Levinson understood this as leaving in place the right to self-defense, but eliminating the need for the very concept of war. National self-defense would be the equivalent of killing an assailant in personal self-defense. Such personal self-defense, he noted, was no longer called "dueling." But Levinson did not envision the killing of a war-making nation. Rather he proposed five responses to the launching of an attack: good faith, public opinion, nonrecognition of gains, the use of force to punish individual warmakers, and the use of any means including force to halt the attack.

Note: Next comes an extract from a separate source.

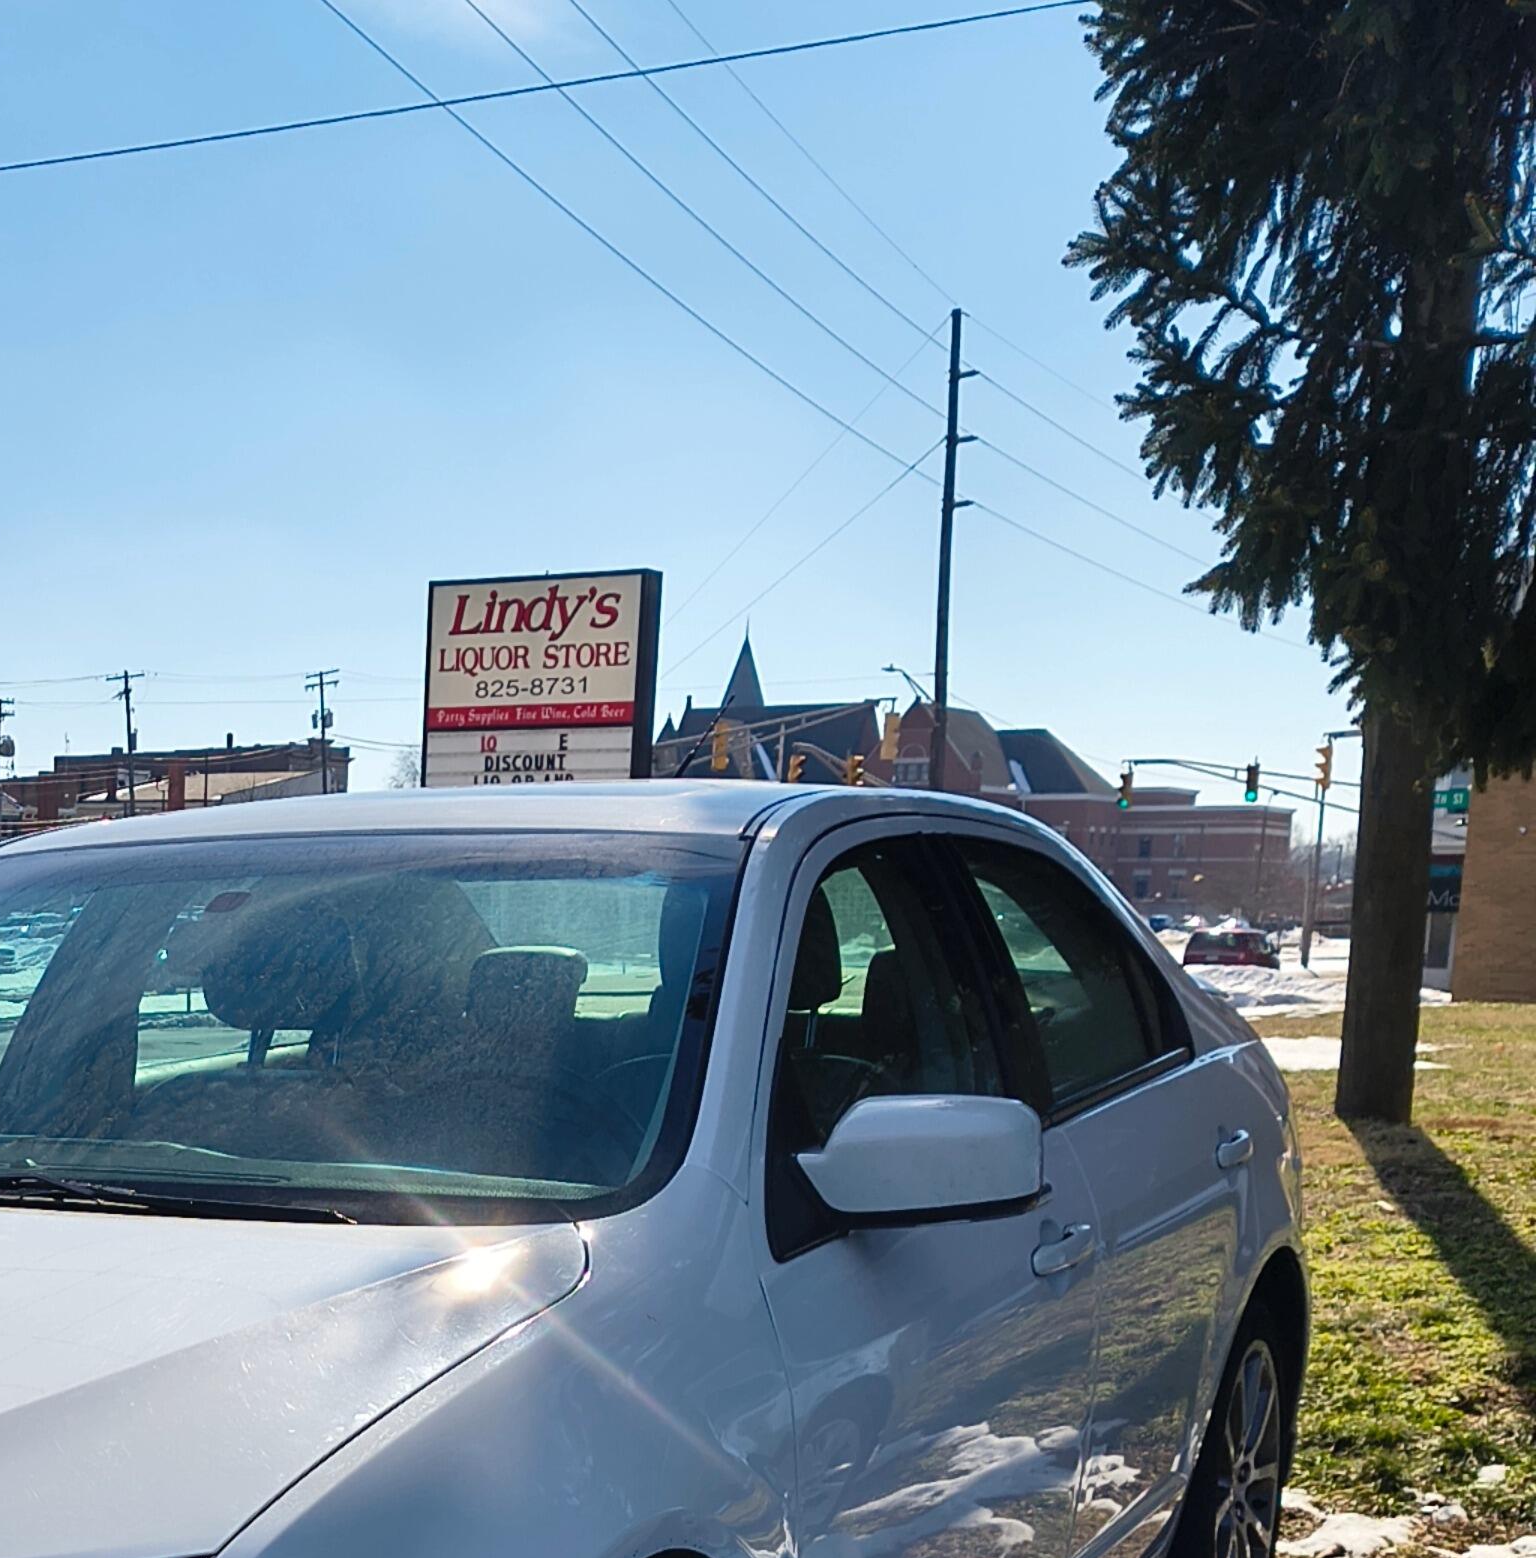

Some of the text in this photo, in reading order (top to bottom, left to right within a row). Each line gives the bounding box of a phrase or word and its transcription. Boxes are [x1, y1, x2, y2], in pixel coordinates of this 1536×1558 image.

Levinson would eventually urge the nations signing the Kellogg-Briand Pact (also known as the Pact of Paris) to incorporate the following into their criminal codes: "Any person, or persons, who shall advocate orally or in writing, or cause the publication of any printed matter which shall advocate the use of war between nations, in violation of the terms of the Pact of Paris, with the intent of causing war between or among nations , shall be guilty of a felony and upon conviction thereof shall be imprisoned not less than ______ years." This idea can be found in the International Covenant on Civil and Political Rights of 1966, which states: "Any propaganda for war shall be prohibited by law." It was an idea that also influenced the Nuremberg prosecutions. It may be an idea worthy of revival and realization.

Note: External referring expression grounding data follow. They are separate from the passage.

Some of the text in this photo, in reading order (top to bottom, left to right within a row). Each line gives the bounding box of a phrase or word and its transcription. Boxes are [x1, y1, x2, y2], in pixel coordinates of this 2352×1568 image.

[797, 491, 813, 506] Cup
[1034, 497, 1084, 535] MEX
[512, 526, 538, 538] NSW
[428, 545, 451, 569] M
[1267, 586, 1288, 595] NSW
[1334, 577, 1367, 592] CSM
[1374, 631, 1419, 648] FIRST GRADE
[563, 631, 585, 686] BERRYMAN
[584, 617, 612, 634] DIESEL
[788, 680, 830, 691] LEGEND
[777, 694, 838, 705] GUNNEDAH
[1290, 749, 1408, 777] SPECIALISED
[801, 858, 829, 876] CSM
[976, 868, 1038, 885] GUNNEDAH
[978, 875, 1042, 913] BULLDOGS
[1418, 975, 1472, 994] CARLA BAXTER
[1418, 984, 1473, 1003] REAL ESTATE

Levinson wrote on August 25, 1917: "War as an institution to 'settle disputes' and establish 'justice among nations' is the most barbarous and indefensible thing in civilization. . . . The real disease of the world is the legality and availability of war . . . . [W]e should have, not as now, laws of war, but laws against war; there are no laws of murdering or of poisoning, but laws against them."
Many in the United States were averse to the sort of alliances created, for example, in 1925 in Locarno, Switzerland. Under these aggreements, if Germany were to attack France, then England and Italy would have to attack Germany, whereas if France were to attack Germany, then England and Italy would have to attack France. Aristide Briand made a name for himself as a peace negotiator in Locarno, but the Outlawrists' criticism of such arrangements as sheer madness looks wiser through the lens of later history.

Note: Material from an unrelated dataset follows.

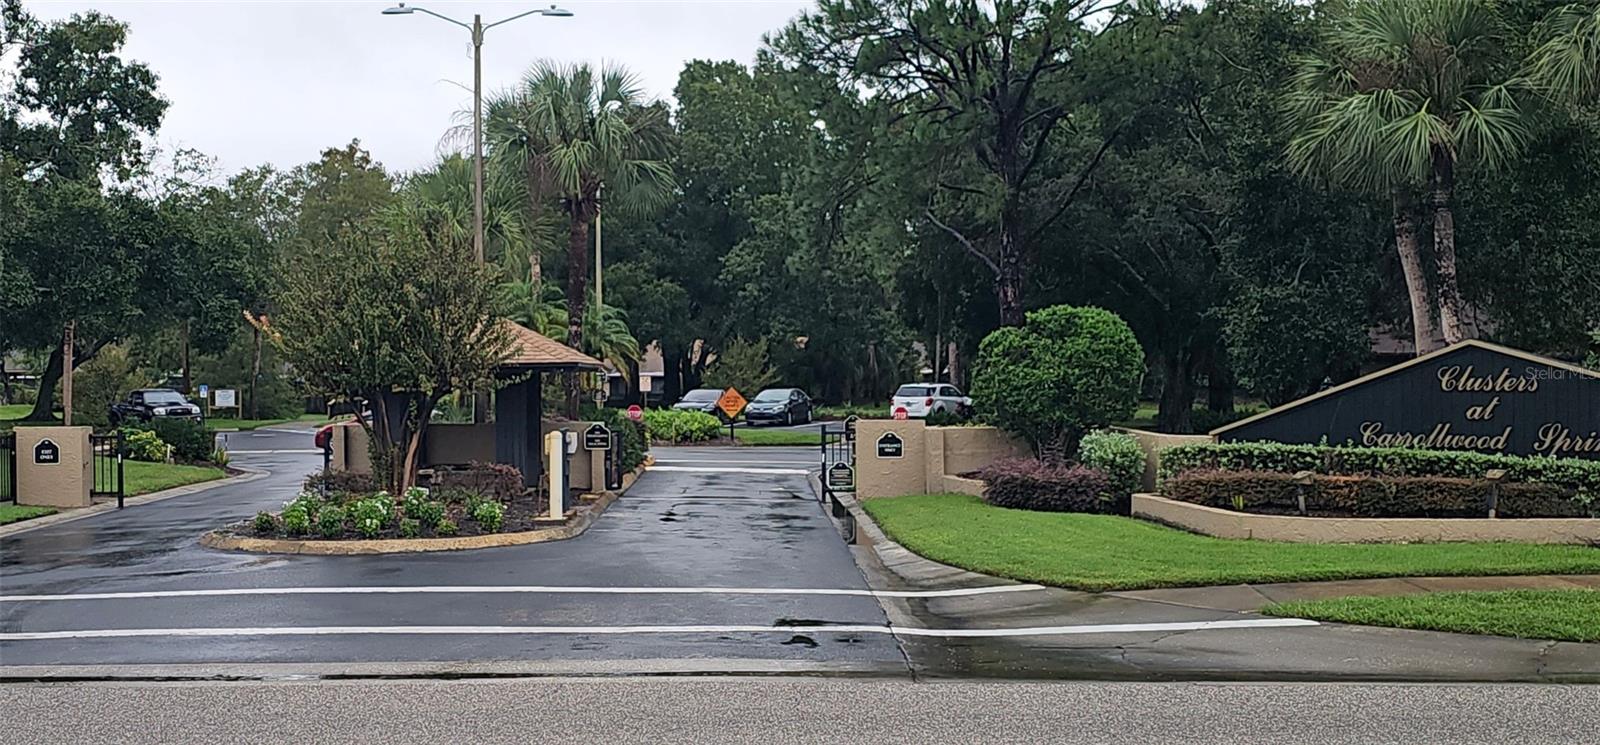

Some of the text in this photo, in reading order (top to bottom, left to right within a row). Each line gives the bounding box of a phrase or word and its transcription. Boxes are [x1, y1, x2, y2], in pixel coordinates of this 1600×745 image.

Rather than alliances and unpredictable adjudications, the Outlawrists favored the rule of the written word. The most popular criticism of Outlawry was that it intended to simply wish war away by banning it. The most popular criticism of international alliances was that they would create wars to end wars. While NATO and even the United Nations have indeed been used to launch wars (although the European Union has rendered wars within Western Europe unimaginable), the Kellogg Briand-Pact and the United Nations Charter have banned war, and wars have proceeded merrily on their way not noticing. But all of this criticism is overly simplistic. The United Nations is a corrupt approximation of an ideal never yet realized. And Outlawry, despite passage of the Kellogg-Briand Pact, has never been fully tried.